BİRİKTİRDİKLERİM çoğaldıkça, resimlere bakıp her birinin altına yazmak istiyorum... O günün hikayesini, resimdekilerin şimdi ne yaptıklarını, nereden nereye gelindiğini... En çok artık o fotoğraf karelerinde kalıp, hayattan başını alıp gidenler etkiliyor beni.
En çok onlarla ilgili yazmak istiyorum.
Bir anıda, bir fotoğrafta, bir sohbette iz bırakıp, yanımızdan ayrılanların sayısı ne kadar da çok artıyor?
Her ölüm; hayatımızdan eksilen her dost, arkadaş, akraba, tanıdık bizi de bir parça eksiltiyor. Zaman, onlarsız akıp gidiyor, günlerin ne çabuk geçtiği şaşırtıyor. Özlem artıyor. Bir bakıyorsunuz üç yıl, dört yıl, beş yıl geçmiş.
Sadece biriktirdiğiniz anılarla kalıyorsunuz. Geriye kalan sadece birlikte yaşadıklarınız ve özlem oluyor. Zor geçiyor. Alışılmıyor. Gidenler dönmüyor...
Alışamadıklarımdan biri de Ahmet Piriştina... Altı yıl olmuş. Bugün mezarı başında anılacak efsane başkan.
Bazen gözlerim arıyor. Ne zaman İzmirle ilgili önemli bir şey olsa, “Şimdi burada olsaydı. Ne düşünürdü, ne yapardı?” diye iç geçirmeden duramıyorum. Hep gözleri sanki bu şehrin üzerinde gibi geliyor. İnsan bazen gidenlerin bıraktığı izlere, yakından dokunmak istiyor.
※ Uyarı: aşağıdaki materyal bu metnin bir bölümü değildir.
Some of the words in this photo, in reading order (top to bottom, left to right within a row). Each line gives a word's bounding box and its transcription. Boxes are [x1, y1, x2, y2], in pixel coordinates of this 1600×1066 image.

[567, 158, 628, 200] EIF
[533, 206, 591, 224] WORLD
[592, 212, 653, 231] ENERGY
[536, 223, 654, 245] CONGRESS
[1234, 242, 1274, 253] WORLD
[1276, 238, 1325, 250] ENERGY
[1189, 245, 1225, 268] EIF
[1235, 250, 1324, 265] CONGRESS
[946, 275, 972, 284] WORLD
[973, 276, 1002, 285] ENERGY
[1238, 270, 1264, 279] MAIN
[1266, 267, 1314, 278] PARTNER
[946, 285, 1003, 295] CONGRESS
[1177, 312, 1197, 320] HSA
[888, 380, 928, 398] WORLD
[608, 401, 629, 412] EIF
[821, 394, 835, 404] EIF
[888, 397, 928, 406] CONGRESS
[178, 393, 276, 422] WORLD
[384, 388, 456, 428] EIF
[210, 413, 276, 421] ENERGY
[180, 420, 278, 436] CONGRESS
Bazen kürek çektiği körfeze bakıyorum, bazen Fuar’da İzmir Sanat’taki kalabalığa bazen, Kordon’daki cıvıl cıvıl gruba...
Duygu habere karışmazHaberci olunca, birini çok sevemezsiniz ya da çok nefret edemezsiniz. Duygular karışmaz habere. Ancak ne Ahmet Piriştina’nın ani ölümü ne o İzmir’de yer yerinden oynayan cenazesi geldikçe gözümün önüne; duygularıma, içimdeki hüzüne engel olamıyorum. Onun İzmir’i bir baba gibi sevdiğini, bir baba gözüyle baktığını hatırlayıp içimdeki özlemi dışa vurabiliyorum.
Geride kalan fotoğraf karelerine bakıyorum özledikçe.. Mesela Lozan’dan her geçişte, o dev resmine bakmadan edemiyorum.
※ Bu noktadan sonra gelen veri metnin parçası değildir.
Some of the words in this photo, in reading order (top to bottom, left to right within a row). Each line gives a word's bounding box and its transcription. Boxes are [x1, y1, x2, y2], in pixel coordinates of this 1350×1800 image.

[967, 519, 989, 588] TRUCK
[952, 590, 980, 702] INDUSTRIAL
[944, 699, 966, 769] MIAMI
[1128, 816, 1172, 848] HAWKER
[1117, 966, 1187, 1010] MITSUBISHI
Bilgisayarımda kalan kareler var bir de...
Dediği oluyor ama...
Mart 2004, yerel seçimlerden iki gün önce... Eşi Mine Piriştina, oğlu Levent Piriştina ile oturmuşuz İzmir Sanat’ın çimlerine. Buca’daki seçim konvoyundan gelmişler. Yasaklardan önce, seçimin son dönemecinde keyifli bir röportaj. İzmir’in çocuğu olduğu, bu kadar çok sevildiği için ölse de gam yemeyeceğini anlatıyor. Birkaç ay sonra dediği oluyor ama o gam, keder bizlere kalıyor.
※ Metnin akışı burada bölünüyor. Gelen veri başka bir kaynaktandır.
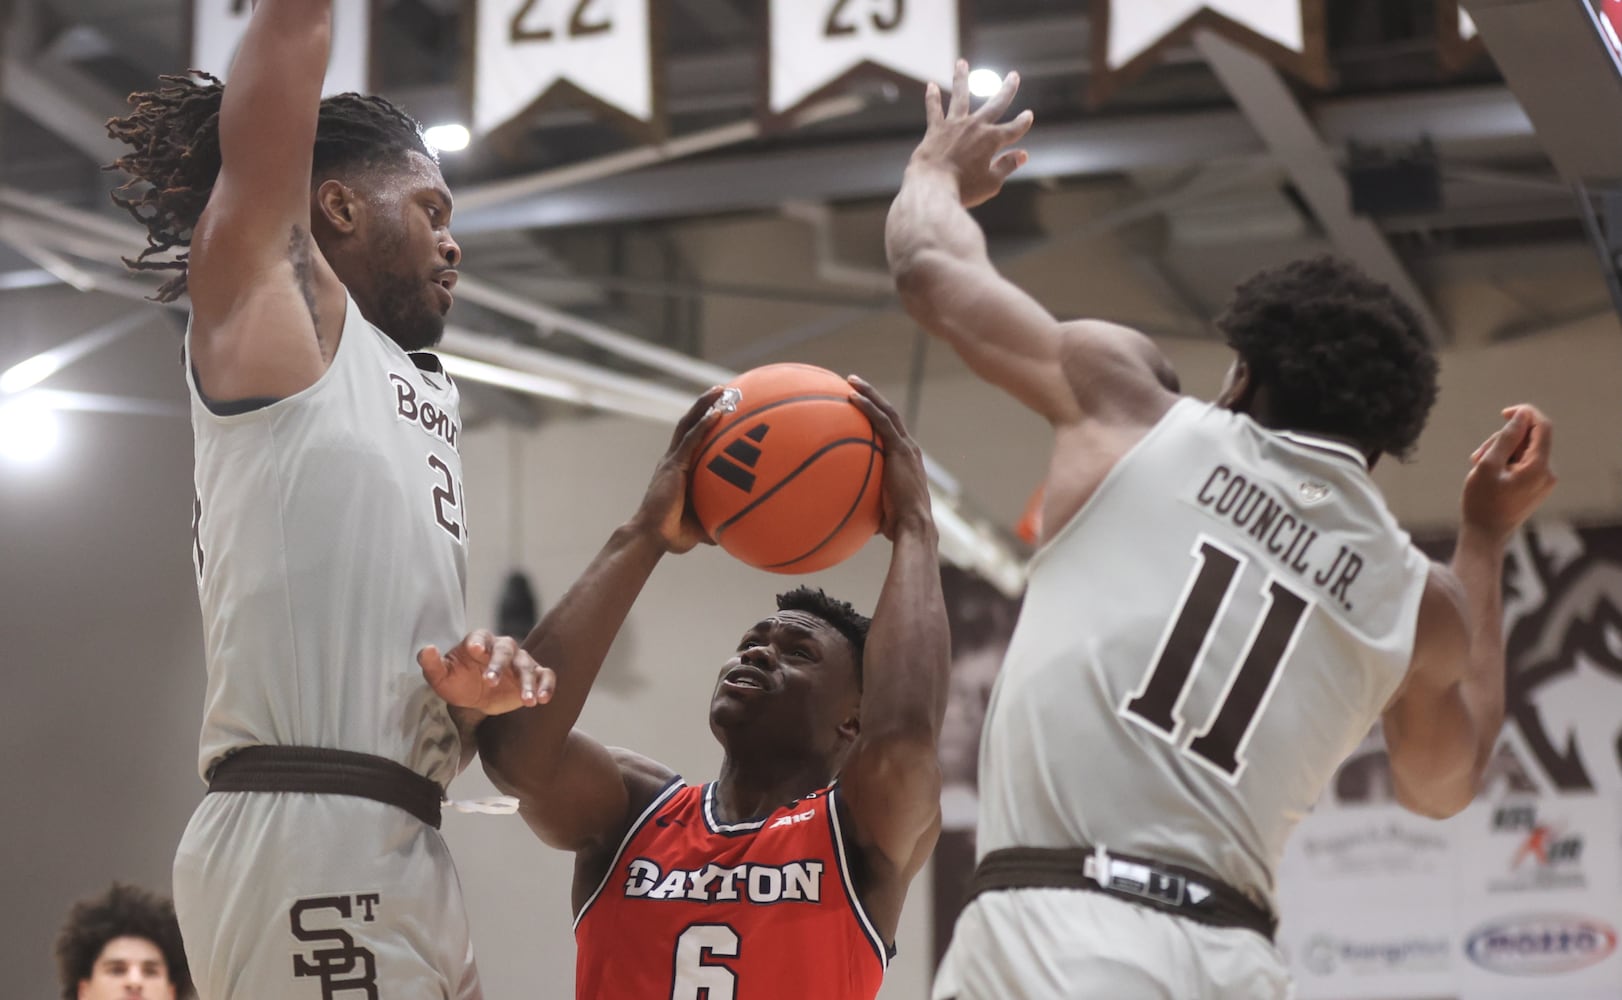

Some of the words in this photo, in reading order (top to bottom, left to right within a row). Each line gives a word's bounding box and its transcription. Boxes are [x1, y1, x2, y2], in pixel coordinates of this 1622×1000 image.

[1197, 465, 1318, 575] COUNCIL
[1313, 545, 1363, 611] JR.
[1119, 534, 1315, 784] 11
[624, 857, 824, 904] DAYTON
[671, 921, 742, 1000] 6
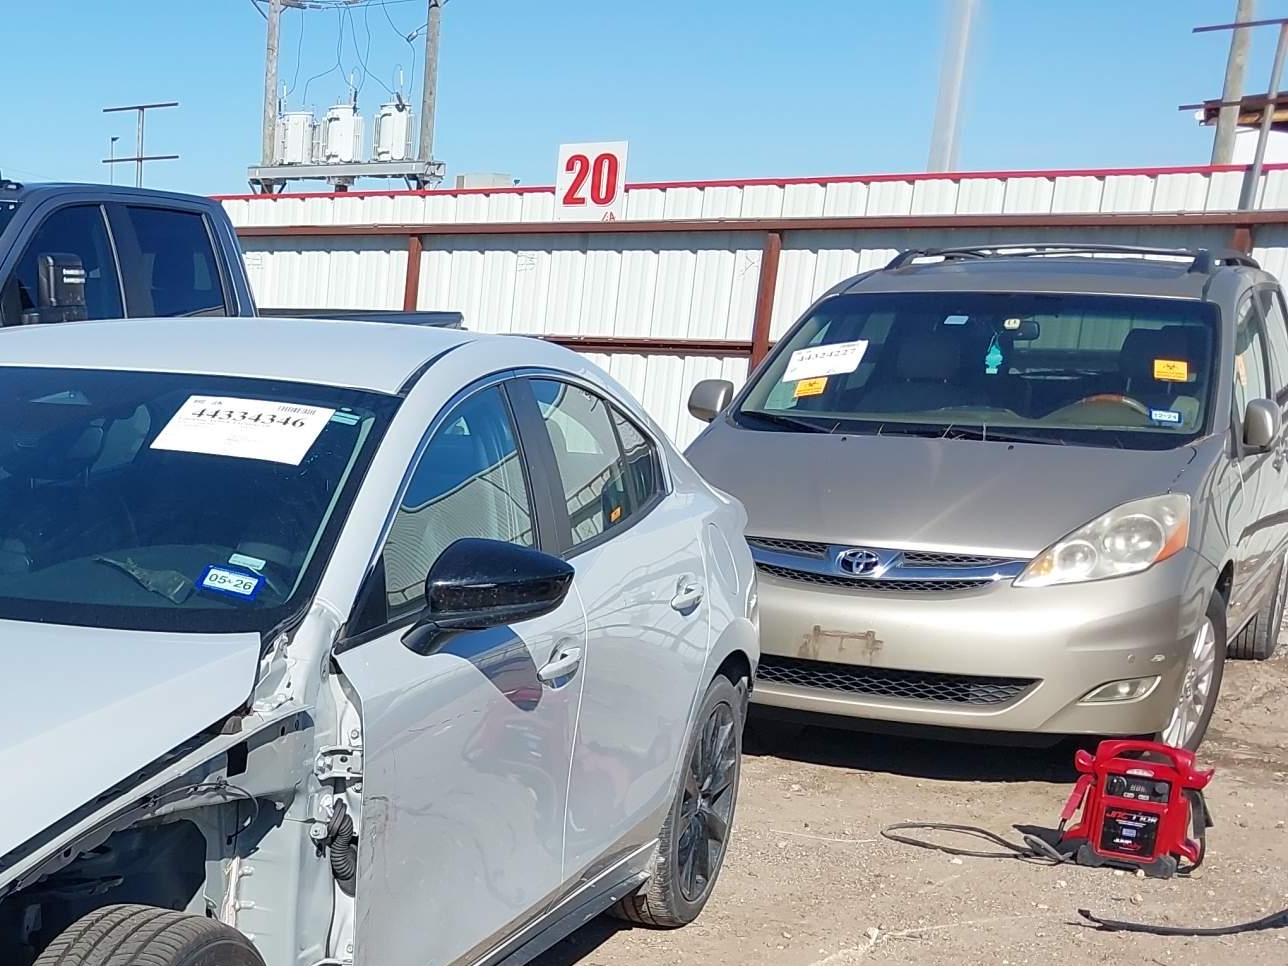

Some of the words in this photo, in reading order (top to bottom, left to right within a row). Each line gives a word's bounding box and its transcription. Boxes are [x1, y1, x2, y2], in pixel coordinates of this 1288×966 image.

[562, 153, 618, 205] 20
[192, 408, 305, 428] 44334346
[208, 573, 253, 590] 05-26
Bir başka fotoğrafta gazetedeyiz. Bu kez seçimden hemen sonra, ilk röportaj... Ben çok iyi tavla bilmem. Röportajdan sonra
“Sen sorularla terlettin. Ben de tavlada yeneyim seni” diyor. Tavla oynuyoruz. Neredeyse marsa gidiyor. Sonra üzülüp bana yenilmek için uğraşıyor... Röportajda, seçim için çok uykusuz kaldığını, sekiz kilo verdiğini anlatıyor. CHP Genel Başkanlığı’na adı geçiyor o günlerde. Soruyoruz. “Babamın öldüğü yaştayım. Bugünden bir şey söylemek zor” diyor.
Ve Haziran 15... Babasının öldüğü yaşta, İzmir için hayalini kurduğu her şeyi de alıp yanına gidiyor.
Gidenlerden geriye fotoğraf kareleri, anılar ve birkaç sohbet ve dokunduğu izler kalır demiştim ya yazının başında. Ahmet Piriştina’nın da İzmir’de çok izi kaldı geriye; fotoğrafları, sohbeti, anıları kaldı. Yarım kalan hayaller, yapmak istedikleri ise onunla gitti.
İşte bu yüzden bazen, “Olsaydı, ne düşünürdü?” diyorum.
Bugün de altı yıl geride kalırken ve gözleri hâlâ körfezin üzerindeyken yine aynı şeyi soruyorum... Onu, geride kalan fotoğraf kareleriyle ve İzmir için hayalleriyle anıyorum...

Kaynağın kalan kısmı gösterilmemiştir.